図2−2−3−1図2−2−3−2図2−2−3−3 に測線各地域でのバイブロサイスのショット記録を測線図とともに18秒まで表示している。図2−2−3−4図2−2−3−5図2−2−3−6図2−2−3−7図2−2−3−8 にダイナマイトのショット記録を測線図とともに同じく18秒まで表示している。この内,K−1〜K−3のショット記録は前出のバイブロサイスの発震点とほぼ同じ場所での発震となっており,記録の比較が可能である。これらの図の中には,真昼岳部分に対応するギャップ(データの欠落部分)を挟んで秋田測線の記録が左側に,岩手測線の記録が右側に示されている。なお,各トレースの上部に50毎の数字で示したものは受振点の杭番号である。また,初動の見掛け速度を定量的に評価し易くする為に,1〜4q/sの見掛け速度の傾斜を示してある。

秋田側測線の西半分程度は生活用の舗装道路沿いでノイズレベルは比較的高く,屈折初動は一部の受振点で車両ノイズに埋もれているが,幸いな事に多くのバイブロサイスのショットでは岩手側の受振点にまで明瞭に初動が到達している。一部のショットでは,少なくとも初動はオフセット20qを超える受振点まで到達している。

図2−2−3−1は秋田側測線東端付近の発震記録(VP 4)であるが,秋田側では3秒前後まで,遠方の岩手側の受振点では7秒前後の所まで比較的明瞭な反射波を検出できる。

図2−2−3−2は秋田側測線中央部の発震記録(VP 126)であるが,秋田側で4秒前後まで,岩手側では7秒前後の所まで比較的良好な反射波を検出できる。Loc.155付近には千屋断層が想定されており,その初動付近には断層に直接関係していると考えられる波動も見られる。

図2−2−3−3は秋田側測線西端付近の発震記録(VP 252)であるが,初動付近には2種類の強いイベントが見られる。これらのイベントは直達波と屈折波と考えることができ,それらの見掛け速度は千屋断層付近で明確に変化している様子が窺える。

図2−2−3−4はVP 4に比較可能なダイナマイトの発震記録(K−1)である。全般的にはダイナマイトの方がバイブロサイスと比べてエネルギー透過力が良い。秋田側では4秒前後まで比較的良好な反射波を追跡できるのに対し,岩手側の記録では,西側へ傾斜したイベントがかなり深部(10秒以上)まで検出可能である。

図2−2−3−5はVP 126に比較可能なダイナマイトの発震記録(K−2)である。
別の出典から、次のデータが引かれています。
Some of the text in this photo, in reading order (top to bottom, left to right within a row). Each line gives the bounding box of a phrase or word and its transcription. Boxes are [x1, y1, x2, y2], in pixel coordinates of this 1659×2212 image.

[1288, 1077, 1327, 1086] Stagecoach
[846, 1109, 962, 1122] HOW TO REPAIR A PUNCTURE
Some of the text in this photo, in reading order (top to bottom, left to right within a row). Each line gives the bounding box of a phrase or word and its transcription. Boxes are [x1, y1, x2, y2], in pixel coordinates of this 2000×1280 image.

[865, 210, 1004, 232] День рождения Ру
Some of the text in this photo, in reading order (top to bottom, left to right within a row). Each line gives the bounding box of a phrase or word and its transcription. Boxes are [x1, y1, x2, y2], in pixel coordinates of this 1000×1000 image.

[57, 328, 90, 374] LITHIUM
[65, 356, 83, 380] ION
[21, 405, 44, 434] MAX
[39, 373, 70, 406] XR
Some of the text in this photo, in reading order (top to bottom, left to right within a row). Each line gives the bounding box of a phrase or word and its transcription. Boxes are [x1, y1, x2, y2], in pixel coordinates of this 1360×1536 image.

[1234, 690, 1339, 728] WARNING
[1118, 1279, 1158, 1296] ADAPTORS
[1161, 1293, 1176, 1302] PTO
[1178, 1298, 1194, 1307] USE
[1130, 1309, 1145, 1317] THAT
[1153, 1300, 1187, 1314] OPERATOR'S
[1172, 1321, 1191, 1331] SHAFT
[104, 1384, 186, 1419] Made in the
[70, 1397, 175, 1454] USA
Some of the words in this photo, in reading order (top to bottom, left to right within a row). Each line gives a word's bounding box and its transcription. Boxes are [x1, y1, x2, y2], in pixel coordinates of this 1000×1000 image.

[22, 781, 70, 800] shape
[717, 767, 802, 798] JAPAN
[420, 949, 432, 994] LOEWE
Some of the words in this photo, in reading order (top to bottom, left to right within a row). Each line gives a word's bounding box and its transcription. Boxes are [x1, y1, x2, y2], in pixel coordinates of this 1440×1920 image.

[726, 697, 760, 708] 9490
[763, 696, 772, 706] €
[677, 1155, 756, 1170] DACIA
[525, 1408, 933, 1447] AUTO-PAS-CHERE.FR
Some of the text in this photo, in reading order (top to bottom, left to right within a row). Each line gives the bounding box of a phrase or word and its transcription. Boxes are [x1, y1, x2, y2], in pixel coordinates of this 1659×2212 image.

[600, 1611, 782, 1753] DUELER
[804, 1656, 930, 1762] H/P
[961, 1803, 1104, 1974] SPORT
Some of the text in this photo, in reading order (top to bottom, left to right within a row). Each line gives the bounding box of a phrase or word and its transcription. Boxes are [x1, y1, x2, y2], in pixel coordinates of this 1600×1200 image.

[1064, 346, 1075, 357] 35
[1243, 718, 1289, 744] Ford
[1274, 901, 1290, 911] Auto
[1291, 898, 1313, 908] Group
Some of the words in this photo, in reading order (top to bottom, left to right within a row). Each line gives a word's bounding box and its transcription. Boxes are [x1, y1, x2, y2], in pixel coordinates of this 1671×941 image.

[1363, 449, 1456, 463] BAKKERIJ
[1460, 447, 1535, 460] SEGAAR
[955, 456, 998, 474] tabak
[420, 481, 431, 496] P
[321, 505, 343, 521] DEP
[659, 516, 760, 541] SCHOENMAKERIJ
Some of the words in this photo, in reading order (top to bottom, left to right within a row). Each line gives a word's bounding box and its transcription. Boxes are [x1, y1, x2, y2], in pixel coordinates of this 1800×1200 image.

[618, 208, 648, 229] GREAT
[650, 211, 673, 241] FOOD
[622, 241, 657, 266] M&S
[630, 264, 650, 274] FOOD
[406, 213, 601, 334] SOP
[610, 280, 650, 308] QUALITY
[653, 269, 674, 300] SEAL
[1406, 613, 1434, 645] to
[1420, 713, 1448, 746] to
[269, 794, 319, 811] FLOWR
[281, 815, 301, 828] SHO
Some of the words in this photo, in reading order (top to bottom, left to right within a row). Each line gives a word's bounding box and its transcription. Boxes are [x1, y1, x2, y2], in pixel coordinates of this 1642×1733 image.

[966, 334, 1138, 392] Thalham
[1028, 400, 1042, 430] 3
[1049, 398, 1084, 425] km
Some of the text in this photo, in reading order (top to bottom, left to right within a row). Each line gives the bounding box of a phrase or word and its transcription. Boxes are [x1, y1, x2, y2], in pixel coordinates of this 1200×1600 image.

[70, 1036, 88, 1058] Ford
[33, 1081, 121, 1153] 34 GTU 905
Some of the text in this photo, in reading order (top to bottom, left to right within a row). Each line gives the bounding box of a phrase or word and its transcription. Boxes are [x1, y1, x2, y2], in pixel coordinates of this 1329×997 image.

秋田側では4秒前後までイベントを確認できるが,岩手側では10秒以深にも顕著な反射イベントが見られるが,東傾斜のものと西傾斜のものが共存している。

図2−2−3−6はVP 252に比較可能なダイナマイトの発震記録(K−3)である。バイブロサイスの記録と比較すると反射波の出現状況に関し歴然とした差が見られる。この中の岩手側の記録では,西傾斜のイベントは東傾斜のイベントに埋もれて殆ど検出できない。

図2−2−3−7はダイナマイトの発震記録(K−4)で,その発震点は秋田側の測線の西端から5q程度オフセットしている。全般的には,記録の特徴はK−3と類似しており,岩手側で東傾斜のイベントが卓越し,15秒付近までイベントを検出できる。

図2−2−3−8はダイナマイトの発震記録(K−5)で,その発震点は秋田側の測線の西端から10q程度オフセットしている。全般的には,記録の特徴はK−3やK−4と類似しており,岩手側で東傾斜のイベントが卓越し,15秒付近までイベントを検出できる。